In NRW wurde heute der Gesetzentwurf zur Erneuerung des Schulgesetzes durch Ministerpräsident Rüttgers und Schulministerin Sommer vorgestellt. Von unterschiedlichen Seiten gibt es Kritik, vor allem an der "Entmündigung der Eltern".
Stein des Anstoßes ist folgende Formulierung:
"Eltern werden künftig die Wahl der weiterführenden Schule nicht mehr erzwingen können, wenn ihr Kind offenkundig für die von ihnen gewünschte Schulform nicht geeignet ist."

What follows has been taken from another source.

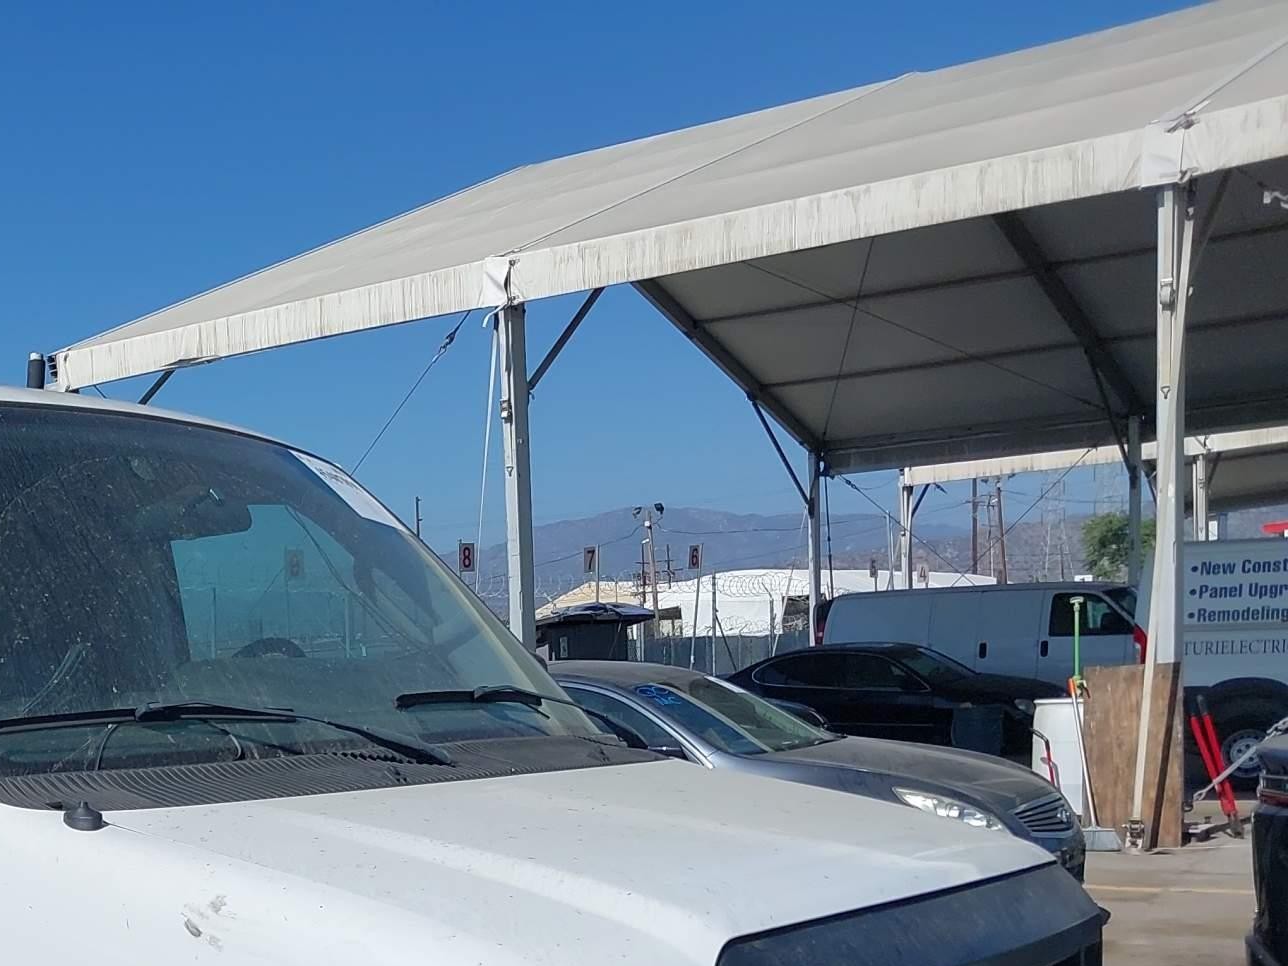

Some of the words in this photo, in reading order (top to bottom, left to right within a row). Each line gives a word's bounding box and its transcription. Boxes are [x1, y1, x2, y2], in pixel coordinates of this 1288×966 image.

Bisher war es in NRW so, dass der Grundschullehrer eine Empfehlung ausprach, diese aber für die Eltern nicht bindend war. Mit dem nun vorgeschlagenen Verfahren wird die Empfehlung des Lehrers mehr Bedeutung beigemessen. Eltern können sich nur noch im Einzelfall (z.B. durch eine zusätzliche Eignungsprüfung für das Kind, darüber "hinwegsetzen".
Aber auch aus der Opposition kommt in NRW harte Kritik. So prophezeien SPD und Grüne eine verstärkte soziale Selektion und damit geringere Bildungschancen besonders für Kinder aus sozial schwachen Familien.
Wir haben für Sie einige Quellen zum Weiterlesen zusammengestellt. Verschaffen Sie sich einen Überblick, denn wie so oft gibt es unserer Meinung nach nicht den klaren eindeutigen Weg - auch wenn uns das Parteien, Gewerkschaften und Verbände immer wieder gerne verkaufen.
Bei der freien Schulwahl gilt es eine Prognose zu treffen, wie sich ein Viertklässler weiterentwickeln wird und wo er am besten gefordert und gefördert werden kann. Das können die Eltern sein, das kann aber auch die Grundschule sein. Beispiele für falsche Entscheidungen gibt es auf beiden Seiten genug.